Problem:
Output the records exactly, and drop each picture.

-- Study material follows --

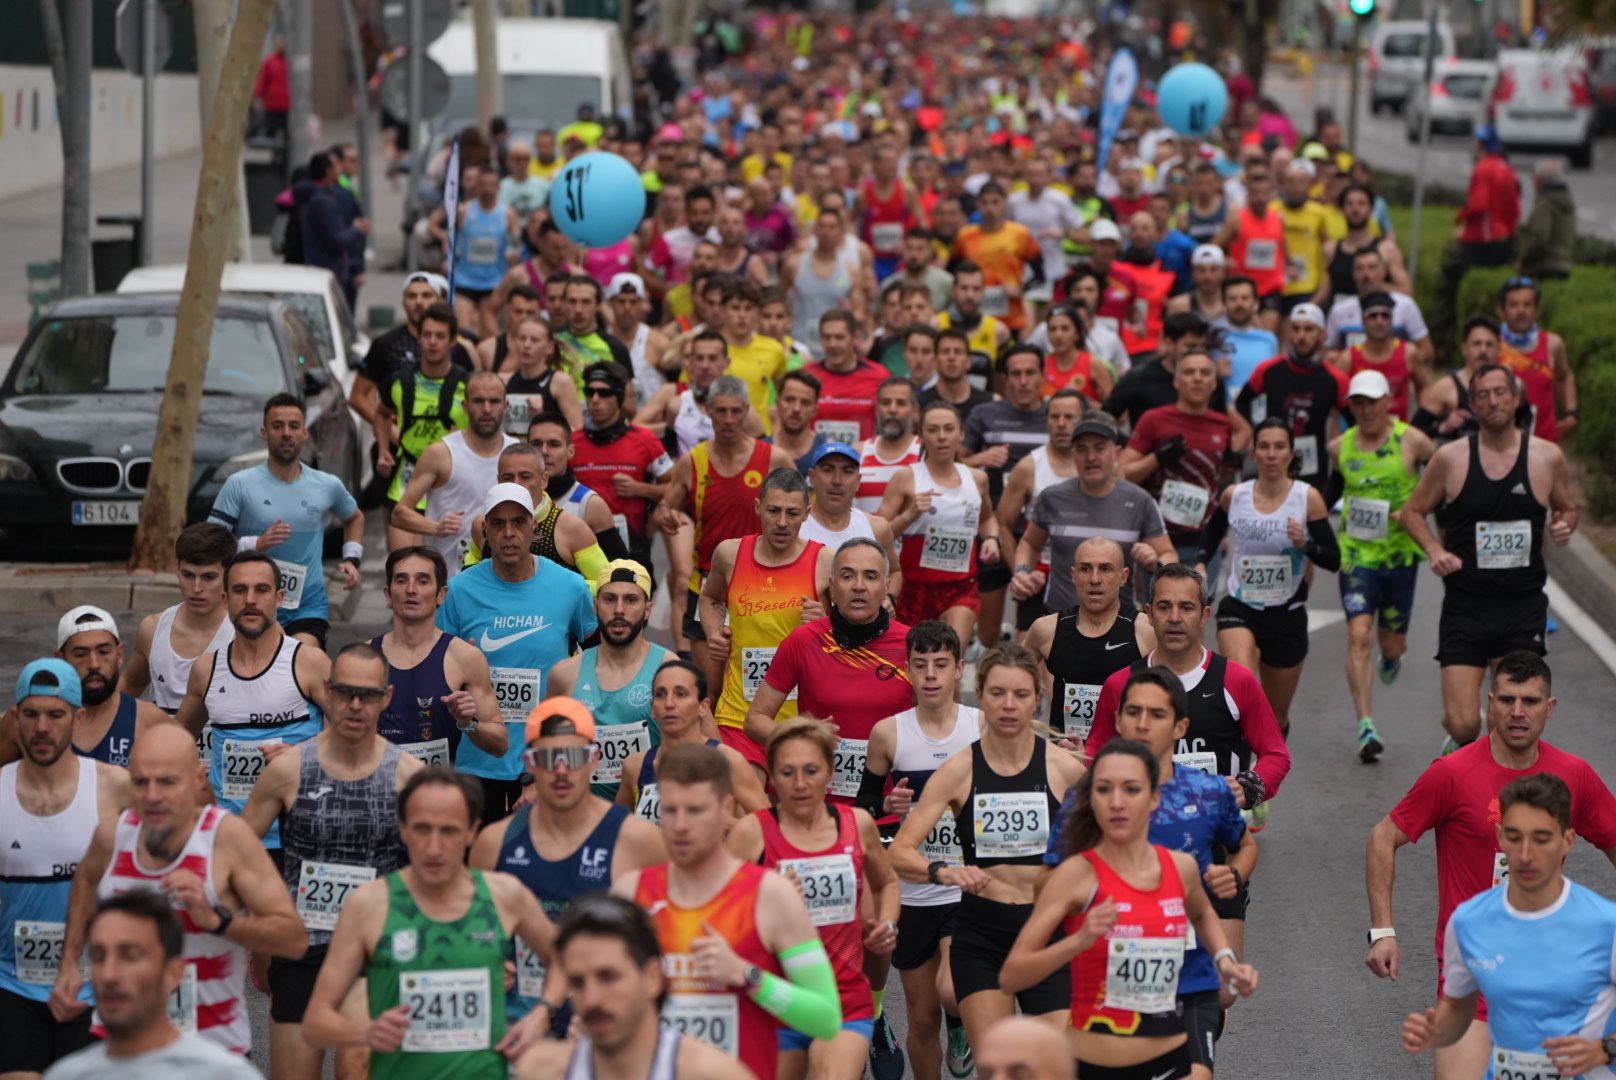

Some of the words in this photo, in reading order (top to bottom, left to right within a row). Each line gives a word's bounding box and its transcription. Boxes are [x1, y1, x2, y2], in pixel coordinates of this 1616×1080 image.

[84, 503, 129, 521] 6104
[1350, 507, 1381, 526] 2321
[928, 536, 967, 555] 2579
[1482, 533, 1525, 550] 2382
[1246, 568, 1285, 584] 2374
[493, 615, 543, 629] HICHAM
[491, 682, 532, 702] 596
[1070, 699, 1098, 719] 23
[110, 736, 129, 755] LF
[227, 755, 268, 776] 222
[982, 809, 1039, 833] 2393
[1003, 832, 1020, 842] DIO
[581, 846, 608, 867] LF
[924, 845, 951, 854] WHITE
[305, 879, 360, 905] 237
[1115, 958, 1176, 983] 4073
[410, 990, 478, 1020] 2418

-- Study material concluded --

Completed task:
Some of the words in this photo, in reading order (top to bottom, left to right within a row). Each line gives a word's bounding box and its transcription. Boxes are [x1, y1, x2, y2], in pixel coordinates of this 1616×1080 image.

[84, 503, 129, 521] 6104
[1350, 507, 1381, 526] 2321
[928, 536, 967, 555] 2579
[1482, 533, 1525, 550] 2382
[1246, 568, 1285, 584] 2374
[493, 615, 543, 629] HICHAM
[491, 682, 532, 702] 596
[1070, 699, 1098, 719] 23
[110, 736, 129, 755] LF
[227, 755, 268, 776] 222
[982, 809, 1039, 833] 2393
[1003, 832, 1020, 842] DIO
[581, 846, 608, 867] LF
[924, 845, 951, 854] WHITE
[305, 879, 360, 905] 237
[1115, 958, 1176, 983] 4073
[410, 990, 478, 1020] 2418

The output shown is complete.